## WHAT THE EXERCISE ASKS
Your reply should reproduce all the data below exactly while excluding the pictures.

## SUPPLIED RECORDS
________
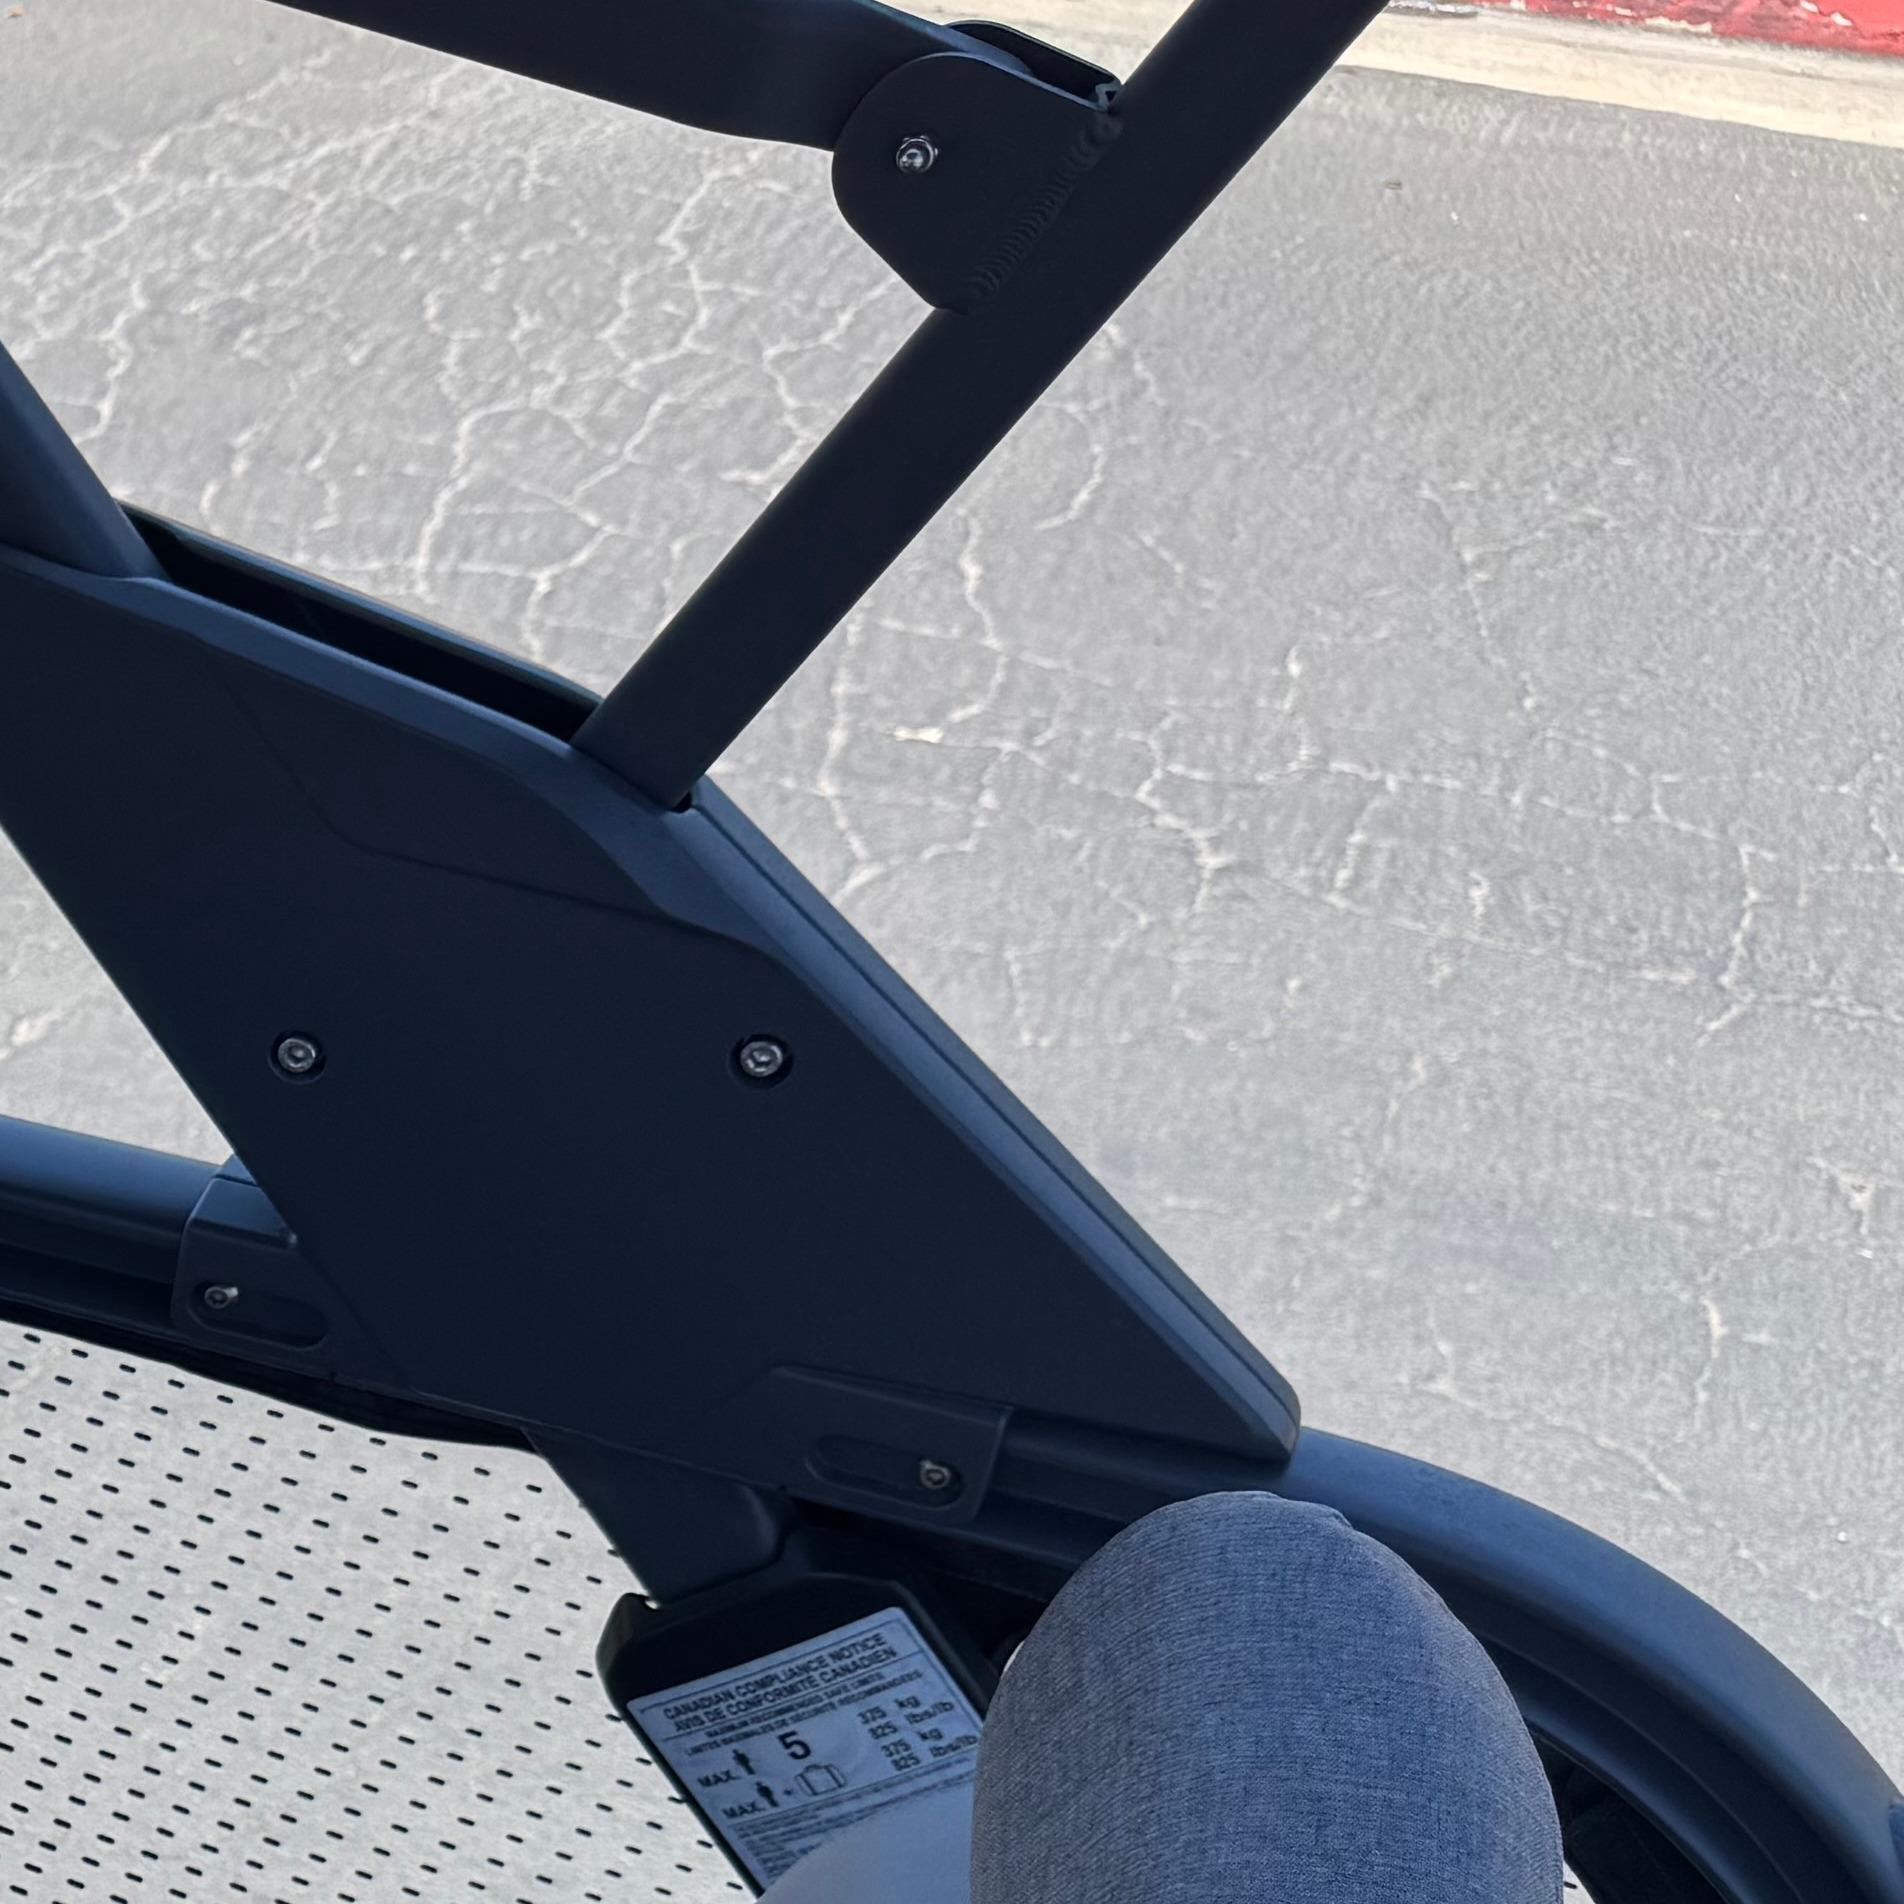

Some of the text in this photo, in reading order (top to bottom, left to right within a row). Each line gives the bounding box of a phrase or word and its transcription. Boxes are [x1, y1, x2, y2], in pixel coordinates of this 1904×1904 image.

[662, 1633, 887, 1722] CANADIAN COMPLIANCE NOTICE
[673, 1714, 706, 1734] AVIS
[705, 1707, 727, 1723] DE
[817, 1646, 898, 1683] CANADIEN
[857, 1694, 921, 1725] 375 kg
[778, 1731, 812, 1760] 5
[867, 1721, 898, 1740] 825
[880, 1727, 943, 1758] 375 kg
[697, 1769, 739, 1788] MAX.
[722, 1800, 765, 1819] MAX.
________
## ANSWER SECTION
Some of the text in this photo, in reading order (top to bottom, left to right within a row). Each line gives the bounding box of a phrase or word and its transcription. Boxes are [x1, y1, x2, y2], in pixel coordinates of this 1904×1904 image.

[662, 1633, 887, 1722] CANADIAN COMPLIANCE NOTICE
[673, 1714, 706, 1734] AVIS
[705, 1707, 727, 1723] DE
[817, 1646, 898, 1683] CANADIEN
[857, 1694, 921, 1725] 375 kg
[778, 1731, 812, 1760] 5
[867, 1721, 898, 1740] 825
[880, 1727, 943, 1758] 375 kg
[697, 1769, 739, 1788] MAX.
[722, 1800, 765, 1819] MAX.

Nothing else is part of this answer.